══ EXTRACTED MATERIAL ══
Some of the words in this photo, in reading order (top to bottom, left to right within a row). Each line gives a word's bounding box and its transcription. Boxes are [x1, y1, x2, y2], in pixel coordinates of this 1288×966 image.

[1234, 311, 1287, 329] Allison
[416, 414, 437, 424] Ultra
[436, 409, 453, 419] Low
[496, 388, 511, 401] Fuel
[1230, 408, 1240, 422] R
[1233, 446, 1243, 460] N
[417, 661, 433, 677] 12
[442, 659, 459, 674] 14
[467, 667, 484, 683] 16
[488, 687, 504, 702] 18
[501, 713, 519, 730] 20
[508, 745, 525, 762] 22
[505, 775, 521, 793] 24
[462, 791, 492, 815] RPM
═══
#### [TASK INSTRUCTIONS]
Reproduce all the entries verbatim, leaving nothing out.

#### [OUTPUT]
Some of the words in this photo, in reading order (top to bottom, left to right within a row). Each line gives a word's bounding box and its transcription. Boxes are [x1, y1, x2, y2], in pixel coordinates of this 1288×966 image.

[1234, 311, 1287, 329] Allison
[416, 414, 437, 424] Ultra
[436, 409, 453, 419] Low
[496, 388, 511, 401] Fuel
[1230, 408, 1240, 422] R
[1233, 446, 1243, 460] N
[417, 661, 433, 677] 12
[442, 659, 459, 674] 14
[467, 667, 484, 683] 16
[488, 687, 504, 702] 18
[501, 713, 519, 730] 20
[508, 745, 525, 762] 22
[505, 775, 521, 793] 24
[462, 791, 492, 815] RPM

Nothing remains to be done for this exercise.